┌─ Material supplied

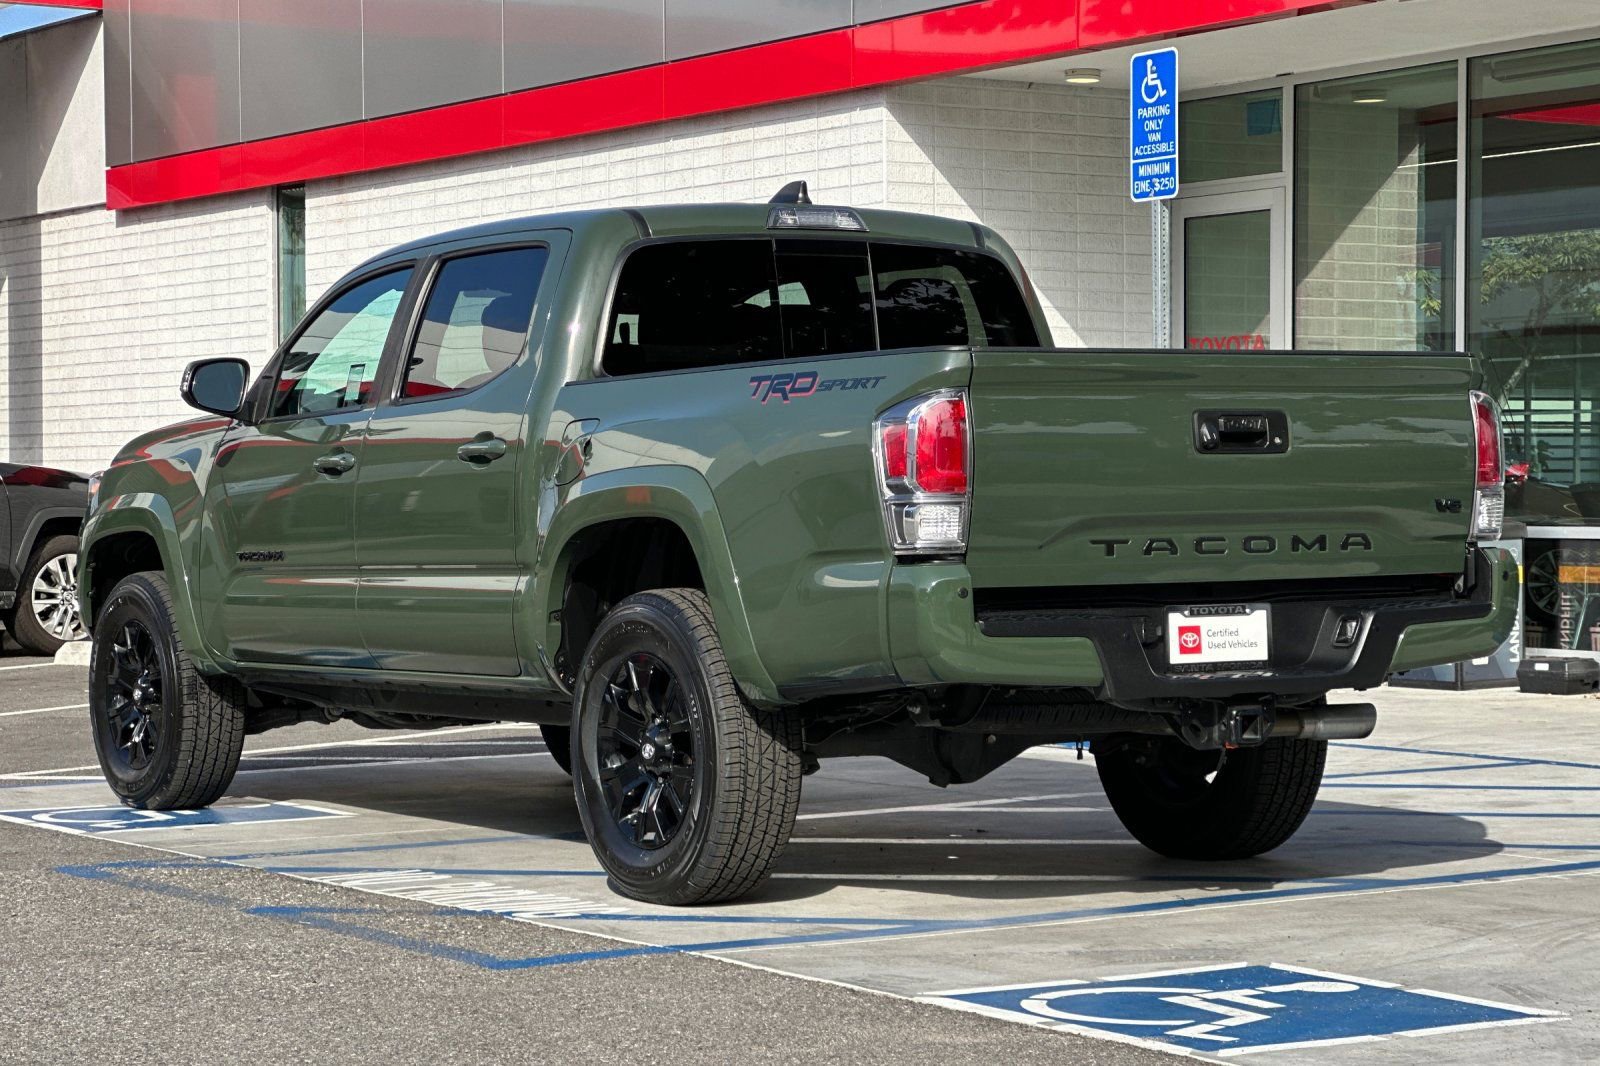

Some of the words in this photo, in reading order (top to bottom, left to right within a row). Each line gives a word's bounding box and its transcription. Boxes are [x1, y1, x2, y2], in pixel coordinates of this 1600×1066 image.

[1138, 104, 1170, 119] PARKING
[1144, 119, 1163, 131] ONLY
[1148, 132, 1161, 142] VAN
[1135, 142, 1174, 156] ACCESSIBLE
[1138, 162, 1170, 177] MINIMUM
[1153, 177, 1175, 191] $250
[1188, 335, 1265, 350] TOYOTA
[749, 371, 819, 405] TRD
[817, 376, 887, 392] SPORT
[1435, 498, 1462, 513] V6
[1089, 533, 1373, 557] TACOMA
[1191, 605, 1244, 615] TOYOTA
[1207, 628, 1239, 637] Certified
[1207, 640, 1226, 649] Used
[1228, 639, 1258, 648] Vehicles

└─
┌─ Material supplied

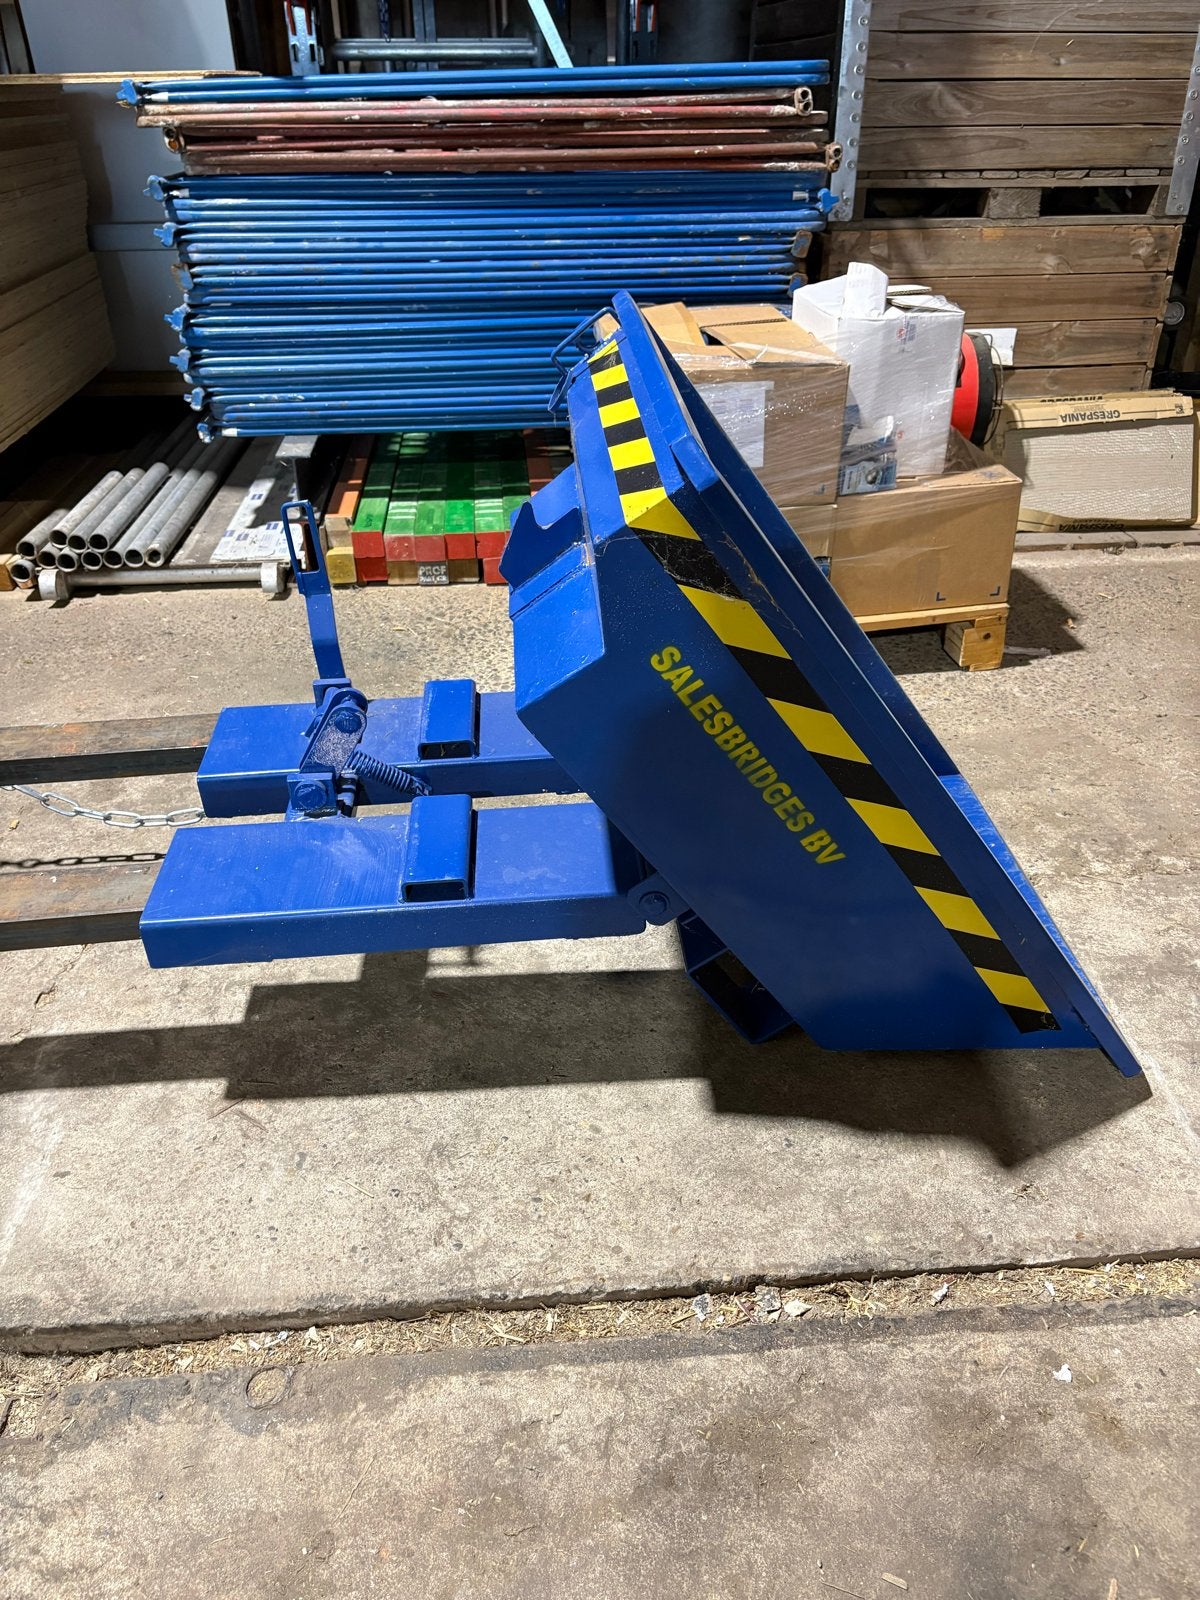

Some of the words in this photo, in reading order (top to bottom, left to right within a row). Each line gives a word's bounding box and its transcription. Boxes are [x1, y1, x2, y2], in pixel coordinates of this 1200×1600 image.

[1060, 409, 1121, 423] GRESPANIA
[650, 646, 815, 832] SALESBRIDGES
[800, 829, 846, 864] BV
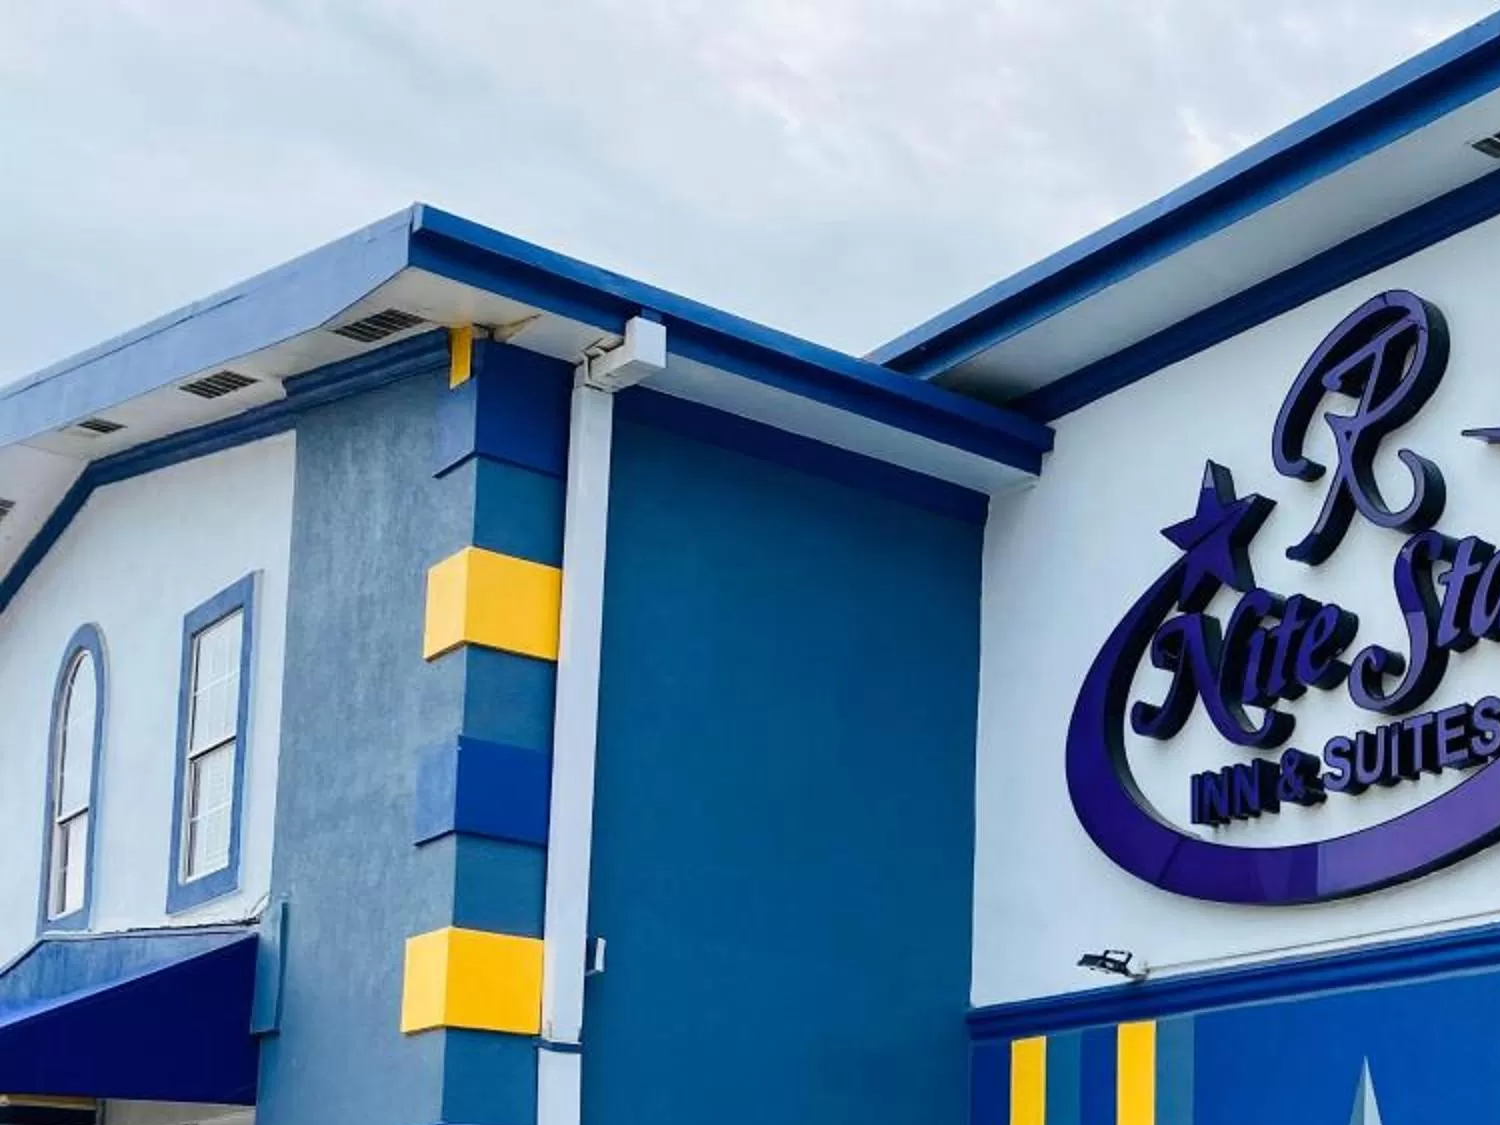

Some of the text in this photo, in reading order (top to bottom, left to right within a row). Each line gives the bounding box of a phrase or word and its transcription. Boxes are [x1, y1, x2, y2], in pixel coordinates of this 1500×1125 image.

└─

Brief: Skip every picture, and restate word for word only the lines above from the line containing "this 1200×1600 image." to the line containing "Some of the text", both of them included.

Result of the exercise:
Some of the words in this photo, in reading order (top to bottom, left to right within a row). Each line gives a word's bounding box and its transcription. Boxes are [x1, y1, x2, y2], in pixel coordinates of this 1200×1600 image.

[1060, 409, 1121, 423] GRESPANIA
[650, 646, 815, 832] SALESBRIDGES
[800, 829, 846, 864] BV

Some of the text in this photo, in reading order (top to bottom, left to right within a row). Each line gives the bounding box of a phrase or word and its transcription. Boxes are [x1, y1, x2, y2], in pixel coordinates of this 1500×1125 image.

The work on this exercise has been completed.